* _What the task requires_
Exactly as they appear, copy the lines of the listing from the one containing "this 1659×2212 image." through the final line, both included, and nothing else.

Record excerpts section start

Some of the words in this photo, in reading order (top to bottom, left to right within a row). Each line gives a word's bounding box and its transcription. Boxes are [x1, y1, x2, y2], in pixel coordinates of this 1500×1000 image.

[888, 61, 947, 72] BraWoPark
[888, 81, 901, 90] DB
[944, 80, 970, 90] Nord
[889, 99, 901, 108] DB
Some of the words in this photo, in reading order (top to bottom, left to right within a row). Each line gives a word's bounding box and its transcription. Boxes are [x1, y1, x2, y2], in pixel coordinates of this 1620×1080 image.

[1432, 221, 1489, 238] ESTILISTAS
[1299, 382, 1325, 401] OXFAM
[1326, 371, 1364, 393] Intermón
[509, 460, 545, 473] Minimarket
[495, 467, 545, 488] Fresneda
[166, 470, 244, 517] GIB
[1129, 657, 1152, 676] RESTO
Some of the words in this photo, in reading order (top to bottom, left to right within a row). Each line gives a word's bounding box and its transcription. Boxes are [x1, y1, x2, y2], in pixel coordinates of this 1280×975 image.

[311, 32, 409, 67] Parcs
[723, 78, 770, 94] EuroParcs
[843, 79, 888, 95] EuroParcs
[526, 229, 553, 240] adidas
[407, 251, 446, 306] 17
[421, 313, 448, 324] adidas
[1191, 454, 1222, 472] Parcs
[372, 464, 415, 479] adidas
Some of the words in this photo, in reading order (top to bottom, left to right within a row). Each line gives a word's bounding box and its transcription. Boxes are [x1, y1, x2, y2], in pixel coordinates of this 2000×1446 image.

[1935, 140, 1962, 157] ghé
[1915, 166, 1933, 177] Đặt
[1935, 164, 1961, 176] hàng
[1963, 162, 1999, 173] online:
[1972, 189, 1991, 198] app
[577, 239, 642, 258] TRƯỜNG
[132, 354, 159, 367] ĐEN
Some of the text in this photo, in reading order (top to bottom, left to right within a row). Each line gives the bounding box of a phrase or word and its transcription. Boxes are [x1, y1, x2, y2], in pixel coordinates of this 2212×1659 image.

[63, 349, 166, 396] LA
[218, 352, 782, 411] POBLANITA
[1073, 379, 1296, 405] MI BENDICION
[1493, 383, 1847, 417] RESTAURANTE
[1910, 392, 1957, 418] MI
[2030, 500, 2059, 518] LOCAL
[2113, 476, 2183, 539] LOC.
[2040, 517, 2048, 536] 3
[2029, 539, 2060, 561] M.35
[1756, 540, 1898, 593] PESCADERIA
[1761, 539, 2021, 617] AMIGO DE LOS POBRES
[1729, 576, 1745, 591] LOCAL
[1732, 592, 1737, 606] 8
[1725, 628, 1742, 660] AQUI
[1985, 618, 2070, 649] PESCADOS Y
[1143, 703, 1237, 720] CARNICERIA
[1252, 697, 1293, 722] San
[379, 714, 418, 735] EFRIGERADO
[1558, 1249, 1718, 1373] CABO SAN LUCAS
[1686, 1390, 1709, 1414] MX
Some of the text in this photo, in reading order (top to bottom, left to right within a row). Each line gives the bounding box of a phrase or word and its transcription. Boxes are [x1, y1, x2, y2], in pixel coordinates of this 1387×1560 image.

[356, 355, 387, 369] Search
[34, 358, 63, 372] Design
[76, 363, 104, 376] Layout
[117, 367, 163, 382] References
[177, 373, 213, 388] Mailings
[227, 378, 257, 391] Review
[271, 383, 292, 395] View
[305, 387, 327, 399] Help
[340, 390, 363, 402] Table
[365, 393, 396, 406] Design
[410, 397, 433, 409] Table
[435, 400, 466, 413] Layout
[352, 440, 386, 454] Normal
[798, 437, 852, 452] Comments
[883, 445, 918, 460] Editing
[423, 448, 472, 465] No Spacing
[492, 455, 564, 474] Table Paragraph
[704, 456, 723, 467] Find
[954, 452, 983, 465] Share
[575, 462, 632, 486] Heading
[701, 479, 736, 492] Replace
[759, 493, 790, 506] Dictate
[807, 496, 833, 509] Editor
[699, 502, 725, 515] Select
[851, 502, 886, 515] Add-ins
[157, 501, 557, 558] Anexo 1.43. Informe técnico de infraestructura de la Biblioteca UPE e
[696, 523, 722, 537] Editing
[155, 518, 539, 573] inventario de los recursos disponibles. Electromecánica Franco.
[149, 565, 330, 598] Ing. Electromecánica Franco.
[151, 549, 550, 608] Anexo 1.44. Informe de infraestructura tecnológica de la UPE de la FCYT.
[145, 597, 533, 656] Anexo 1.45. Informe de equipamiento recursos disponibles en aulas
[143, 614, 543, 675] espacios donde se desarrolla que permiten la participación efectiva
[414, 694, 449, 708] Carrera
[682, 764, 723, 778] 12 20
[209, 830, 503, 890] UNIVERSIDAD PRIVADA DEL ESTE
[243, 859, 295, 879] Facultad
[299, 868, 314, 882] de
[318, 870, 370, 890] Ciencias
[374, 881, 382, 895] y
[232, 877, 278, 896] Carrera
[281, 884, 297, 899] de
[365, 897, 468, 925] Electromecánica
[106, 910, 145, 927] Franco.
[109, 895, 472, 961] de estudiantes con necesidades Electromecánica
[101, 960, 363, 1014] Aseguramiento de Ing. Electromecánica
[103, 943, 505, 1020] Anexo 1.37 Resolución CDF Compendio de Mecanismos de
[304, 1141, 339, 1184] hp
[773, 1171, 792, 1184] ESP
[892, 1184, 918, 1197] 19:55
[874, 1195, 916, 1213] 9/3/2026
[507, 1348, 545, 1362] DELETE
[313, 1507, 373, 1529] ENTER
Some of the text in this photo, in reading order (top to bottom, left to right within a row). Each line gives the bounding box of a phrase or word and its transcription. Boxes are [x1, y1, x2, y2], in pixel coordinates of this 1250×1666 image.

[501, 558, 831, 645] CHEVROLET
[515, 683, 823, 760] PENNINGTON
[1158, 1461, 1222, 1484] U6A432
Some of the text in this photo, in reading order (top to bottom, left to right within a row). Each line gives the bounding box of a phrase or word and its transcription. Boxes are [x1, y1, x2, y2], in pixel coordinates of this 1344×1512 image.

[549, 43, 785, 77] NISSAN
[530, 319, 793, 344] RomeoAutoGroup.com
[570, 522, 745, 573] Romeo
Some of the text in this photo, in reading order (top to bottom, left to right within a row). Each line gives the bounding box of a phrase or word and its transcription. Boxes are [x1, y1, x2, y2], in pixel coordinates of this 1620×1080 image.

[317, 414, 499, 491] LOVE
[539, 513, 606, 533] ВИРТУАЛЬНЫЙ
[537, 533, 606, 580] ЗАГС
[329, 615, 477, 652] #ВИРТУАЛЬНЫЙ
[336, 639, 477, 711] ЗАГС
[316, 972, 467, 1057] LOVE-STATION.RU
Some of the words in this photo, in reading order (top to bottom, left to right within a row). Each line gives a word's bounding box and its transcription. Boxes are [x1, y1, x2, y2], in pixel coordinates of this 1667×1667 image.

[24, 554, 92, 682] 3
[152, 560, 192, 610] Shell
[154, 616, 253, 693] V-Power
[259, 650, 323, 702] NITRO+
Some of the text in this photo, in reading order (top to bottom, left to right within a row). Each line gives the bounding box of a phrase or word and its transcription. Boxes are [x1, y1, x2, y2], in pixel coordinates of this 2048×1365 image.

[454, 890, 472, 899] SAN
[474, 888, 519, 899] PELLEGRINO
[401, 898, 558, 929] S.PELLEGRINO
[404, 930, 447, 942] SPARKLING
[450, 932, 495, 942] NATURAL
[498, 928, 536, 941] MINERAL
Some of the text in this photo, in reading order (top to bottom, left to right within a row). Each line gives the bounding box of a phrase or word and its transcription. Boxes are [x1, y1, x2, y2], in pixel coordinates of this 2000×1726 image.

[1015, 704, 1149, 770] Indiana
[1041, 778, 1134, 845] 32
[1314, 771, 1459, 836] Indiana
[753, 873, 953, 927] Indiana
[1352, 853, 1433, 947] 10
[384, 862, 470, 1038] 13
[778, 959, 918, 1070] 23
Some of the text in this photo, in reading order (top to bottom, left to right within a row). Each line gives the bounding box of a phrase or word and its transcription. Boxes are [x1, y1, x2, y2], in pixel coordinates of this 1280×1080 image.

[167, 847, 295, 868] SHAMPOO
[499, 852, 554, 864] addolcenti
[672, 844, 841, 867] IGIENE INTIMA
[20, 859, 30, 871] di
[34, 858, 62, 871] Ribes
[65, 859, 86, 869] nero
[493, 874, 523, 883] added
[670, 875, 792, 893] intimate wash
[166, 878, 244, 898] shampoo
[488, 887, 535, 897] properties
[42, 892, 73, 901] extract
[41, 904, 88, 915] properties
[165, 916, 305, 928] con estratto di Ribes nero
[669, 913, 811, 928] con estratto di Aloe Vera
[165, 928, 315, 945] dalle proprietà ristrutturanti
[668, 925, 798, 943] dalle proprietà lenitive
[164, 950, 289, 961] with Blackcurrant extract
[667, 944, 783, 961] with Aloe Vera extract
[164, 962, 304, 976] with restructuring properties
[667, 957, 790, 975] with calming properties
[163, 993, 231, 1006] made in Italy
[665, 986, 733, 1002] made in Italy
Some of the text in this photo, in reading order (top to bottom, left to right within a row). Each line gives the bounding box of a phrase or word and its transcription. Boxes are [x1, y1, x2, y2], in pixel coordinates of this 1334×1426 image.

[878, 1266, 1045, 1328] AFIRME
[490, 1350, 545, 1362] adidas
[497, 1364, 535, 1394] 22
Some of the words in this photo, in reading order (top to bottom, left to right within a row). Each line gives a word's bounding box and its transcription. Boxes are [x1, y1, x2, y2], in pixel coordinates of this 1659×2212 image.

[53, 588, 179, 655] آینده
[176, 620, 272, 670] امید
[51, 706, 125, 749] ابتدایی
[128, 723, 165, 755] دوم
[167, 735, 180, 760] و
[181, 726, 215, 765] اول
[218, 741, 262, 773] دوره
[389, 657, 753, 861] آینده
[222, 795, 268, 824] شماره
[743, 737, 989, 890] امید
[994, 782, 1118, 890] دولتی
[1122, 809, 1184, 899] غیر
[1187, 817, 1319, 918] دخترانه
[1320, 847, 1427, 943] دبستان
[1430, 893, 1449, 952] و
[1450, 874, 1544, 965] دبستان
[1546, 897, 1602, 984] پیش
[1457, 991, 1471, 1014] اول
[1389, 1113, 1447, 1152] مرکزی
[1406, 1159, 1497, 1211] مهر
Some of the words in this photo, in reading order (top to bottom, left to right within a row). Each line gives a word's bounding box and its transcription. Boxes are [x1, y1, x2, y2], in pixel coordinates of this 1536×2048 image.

Record excerpts section end

* _Expected answer_
Some of the words in this photo, in reading order (top to bottom, left to right within a row). Each line gives a word's bounding box and its transcription. Boxes are [x1, y1, x2, y2], in pixel coordinates of this 1659×2212 image.

[53, 588, 179, 655] آینده
[176, 620, 272, 670] امید
[51, 706, 125, 749] ابتدایی
[128, 723, 165, 755] دوم
[167, 735, 180, 760] و
[181, 726, 215, 765] اول
[218, 741, 262, 773] دوره
[389, 657, 753, 861] آینده
[222, 795, 268, 824] شماره
[743, 737, 989, 890] امید
[994, 782, 1118, 890] دولتی
[1122, 809, 1184, 899] غیر
[1187, 817, 1319, 918] دخترانه
[1320, 847, 1427, 943] دبستان
[1430, 893, 1449, 952] و
[1450, 874, 1544, 965] دبستان
[1546, 897, 1602, 984] پیش
[1457, 991, 1471, 1014] اول
[1389, 1113, 1447, 1152] مرکزی
[1406, 1159, 1497, 1211] مهر
Some of the words in this photo, in reading order (top to bottom, left to right within a row). Each line gives a word's bounding box and its transcription. Boxes are [x1, y1, x2, y2], in pixel coordinates of this 1536×2048 image.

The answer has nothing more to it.